A fourteener is defined by the United States Geological Survey as a mountain whose peak rises to or above 14,000 feet of elevation above sea level. There is some discrepancy over the status of some of the mountains that claim this title, but it is generally understood that Colorado is home to between 53 and 58 fourteeners.

Of these mountains, a few stand out in terms of visitor numbers due to accessibility, difficulty, and notoriety. Some of the state’s most popular peaks include Mout Elbert (the tallest mountain in Colorado), Longs Peak (located within Rocky Mountain National Park), and Pikes Peak (which gained its fame for inspiring the song “America the Beautiful”). While these mountains offer amazing summits, their popularity is beginning to cost them the health of their ecosystems, especially the fragile alpine habitat above treeline.

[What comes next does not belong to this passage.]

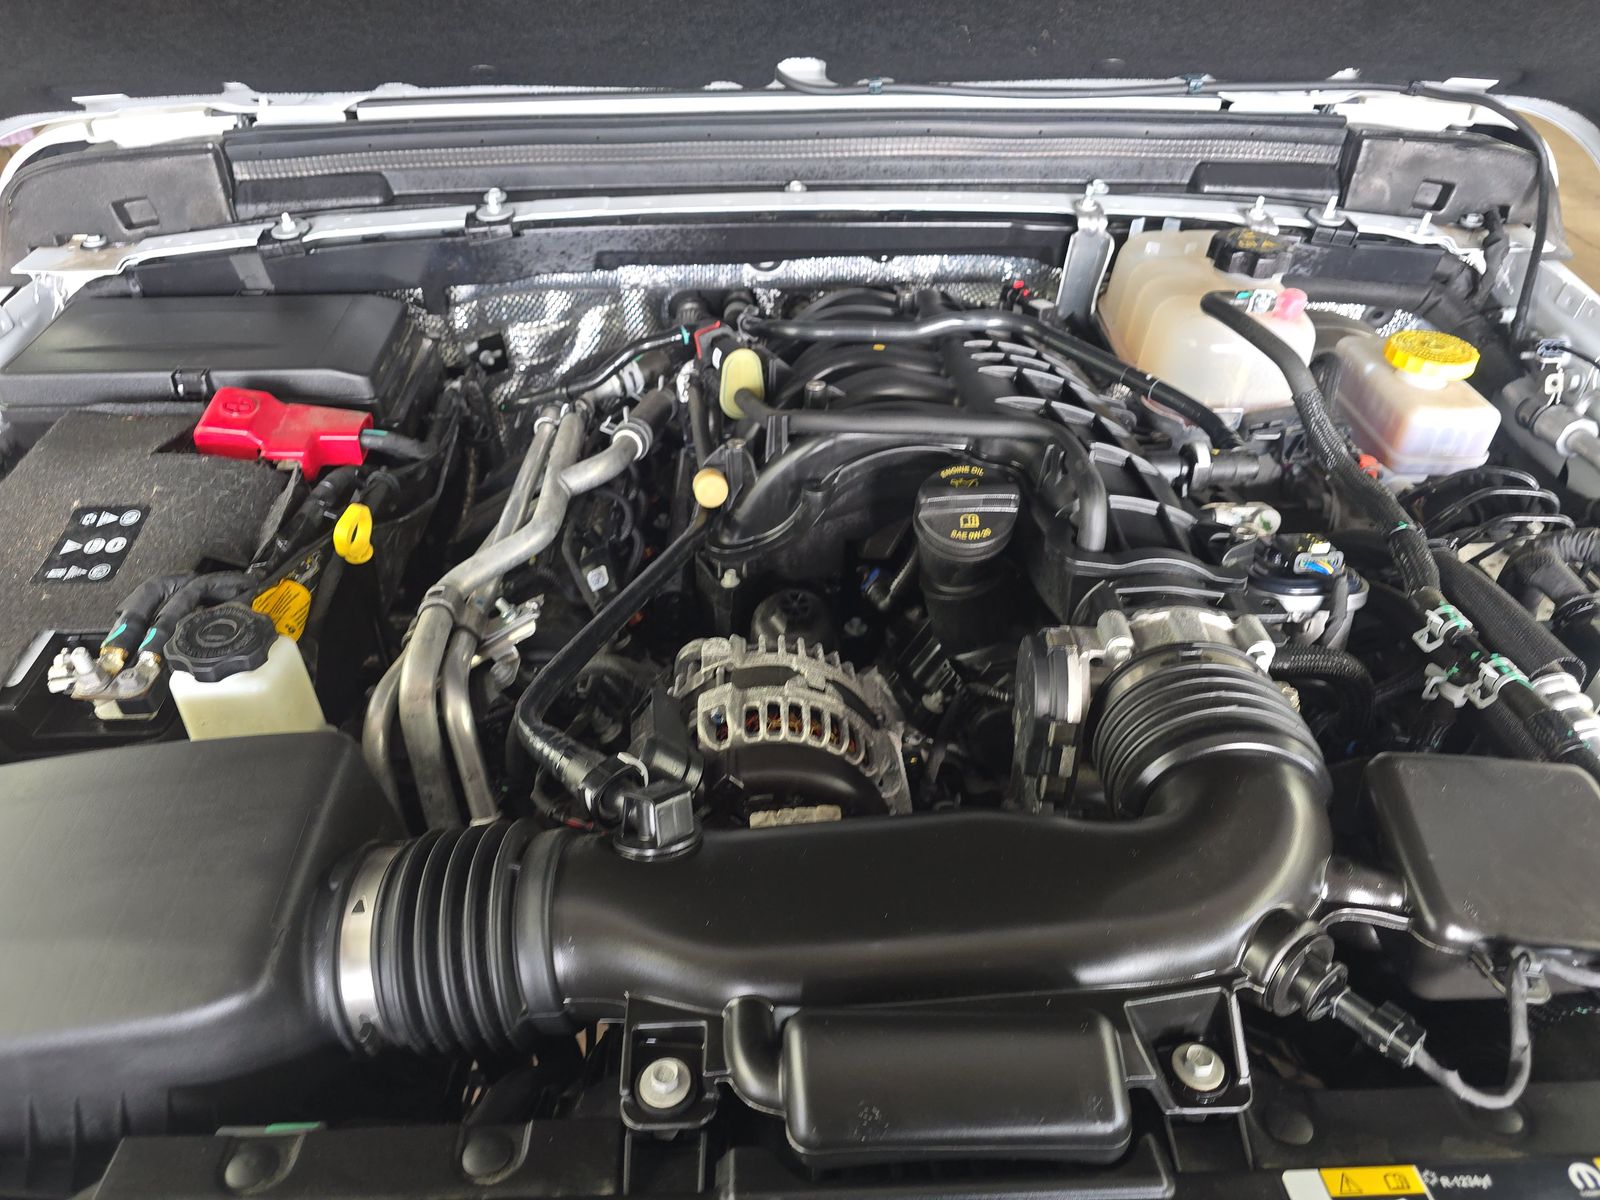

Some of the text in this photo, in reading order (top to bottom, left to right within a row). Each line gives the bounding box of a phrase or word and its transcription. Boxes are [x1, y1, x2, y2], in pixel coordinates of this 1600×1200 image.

In response to the fourteeners’ alpine degradation, many efforts and projects have already begun to restore and protect these mountains. At the forefront of these efforts is the Colorado Fourteeners Initiative, which currently has ongoing projects on most of Colorado’s most-impacted fourteeners. This organization uses both volunteer and professional labor forces to adjust current trails to their least impactful state, which can include building trail features to reduce erosion, shifting pre-existing trails to less impactful locations, and transplanting alpine soil and flora to degraded areas.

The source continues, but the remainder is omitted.